Rediscovering the Privileges or Immunities Clause

The Privileges or Immunities Clause of the Fourteenth Amendment has been largely dormant since the Slaughterhouse Cases of 1873.  Courts generally treat the Clause as adding little or nothing to the Fourteenth Amendment’s two better-known provisions, the Equal Protection and Due Process Clauses.  However, Bruce Boyden argues  in a new paper on SSRN that the Clause actually does have a distinctive role to play in constitutional doctrine, specifically, by regulating conflicts between states over competing “status regimes.”

As Bruce explains, America’s prototypical “status regime conflict” related to the rights of northern blacks who traveled to pro-slavery states prior to the Civil War.  Much litigation resulted from the refusal of some southern and western states to recognize the rights of such travelers.  Based on a review of the debates arising from these antebellum cases and the history surrounding the adoption of the Privileges or Immunities Clause, Bruce argues that the Clause was intended to ensure that interstate travelers could retain the legal status they enjoyed in their home states notwithstanding entrenched national divisions over legal status questions.

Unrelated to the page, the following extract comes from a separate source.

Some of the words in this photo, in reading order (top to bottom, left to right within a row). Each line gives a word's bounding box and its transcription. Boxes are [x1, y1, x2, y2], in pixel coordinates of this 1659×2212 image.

For Bruce, the ongoing significance of this history is that the Privileges or Immunities Clause should continue to be seen as a device for resolving status regime conflicts. 

Bruce writes:

The Privileges or Immunities Clause offers a structural remedy to the problem, based on how similar the conflict is to the one over black citizens prior to the Civil War.  Thus, if a status conflict between states reaches a kind of critical mass, similar to the division between states prior to the Civil War, the Privileges or Immunities Clause would be triggered as to that dispute; it would require states to classify travelers for purposes of making legal status determinations as they would be classified by their home states.

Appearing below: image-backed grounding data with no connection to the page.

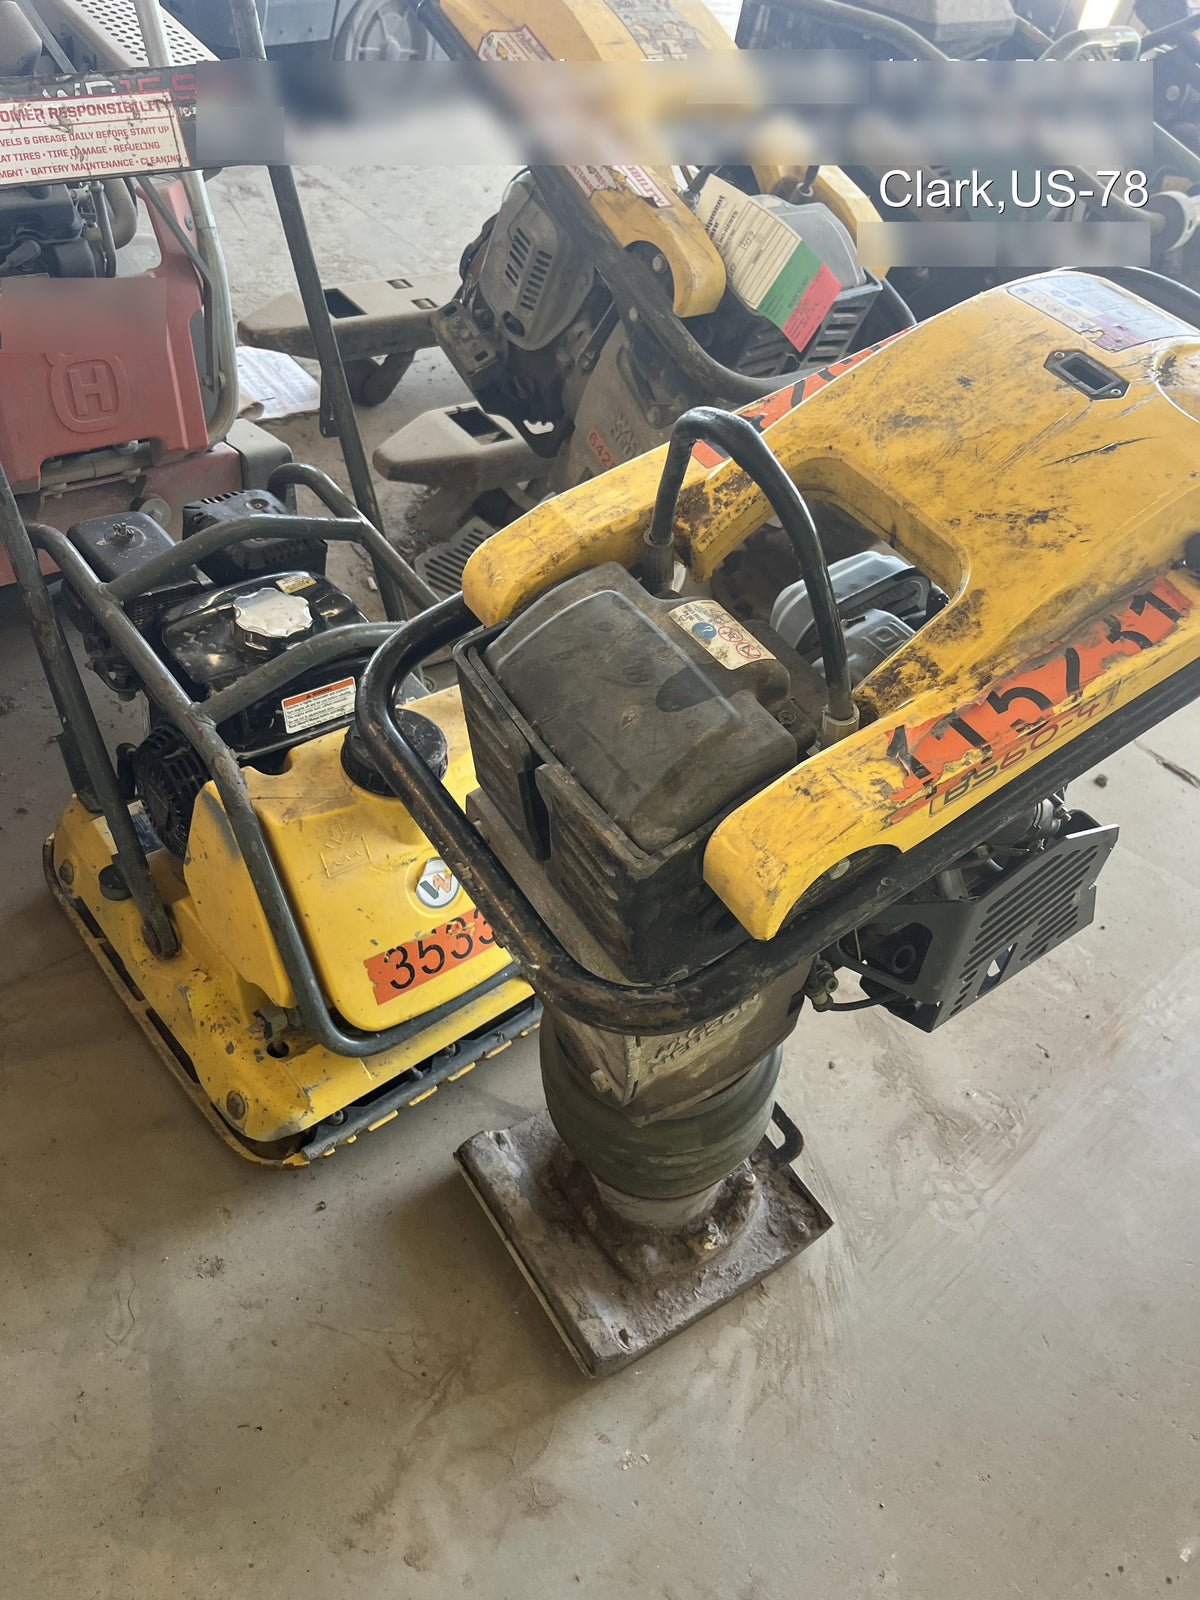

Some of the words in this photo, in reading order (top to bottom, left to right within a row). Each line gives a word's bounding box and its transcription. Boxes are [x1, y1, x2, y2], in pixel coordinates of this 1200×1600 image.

[32, 134, 67, 145] GREASE
[69, 131, 94, 141] DAILY
[96, 128, 129, 139] BEFORE
[130, 127, 157, 136] START
[158, 126, 169, 134] UP
[13, 151, 41, 161] TIRES
[47, 149, 69, 159] TIRE
[71, 146, 107, 157] DAMAGE
[113, 141, 161, 152] REFUELING
[31, 164, 69, 175] BATTERY
[72, 158, 134, 171] MAINTENANCE
[141, 154, 181, 166] CLEANING

As Bruce notes, it is possible that the sort of status regime conflict that he thinks should trigger Privileges or Immunities Clause protections will emerge in the next few years with respect to same-sex couples who travel from states that recognize same-sex marriage to states that do not.

Bruce’s article, entitled “Strategies of Containment: Status Regimes and the American Constitution,” will be published in the Alabama Law Review.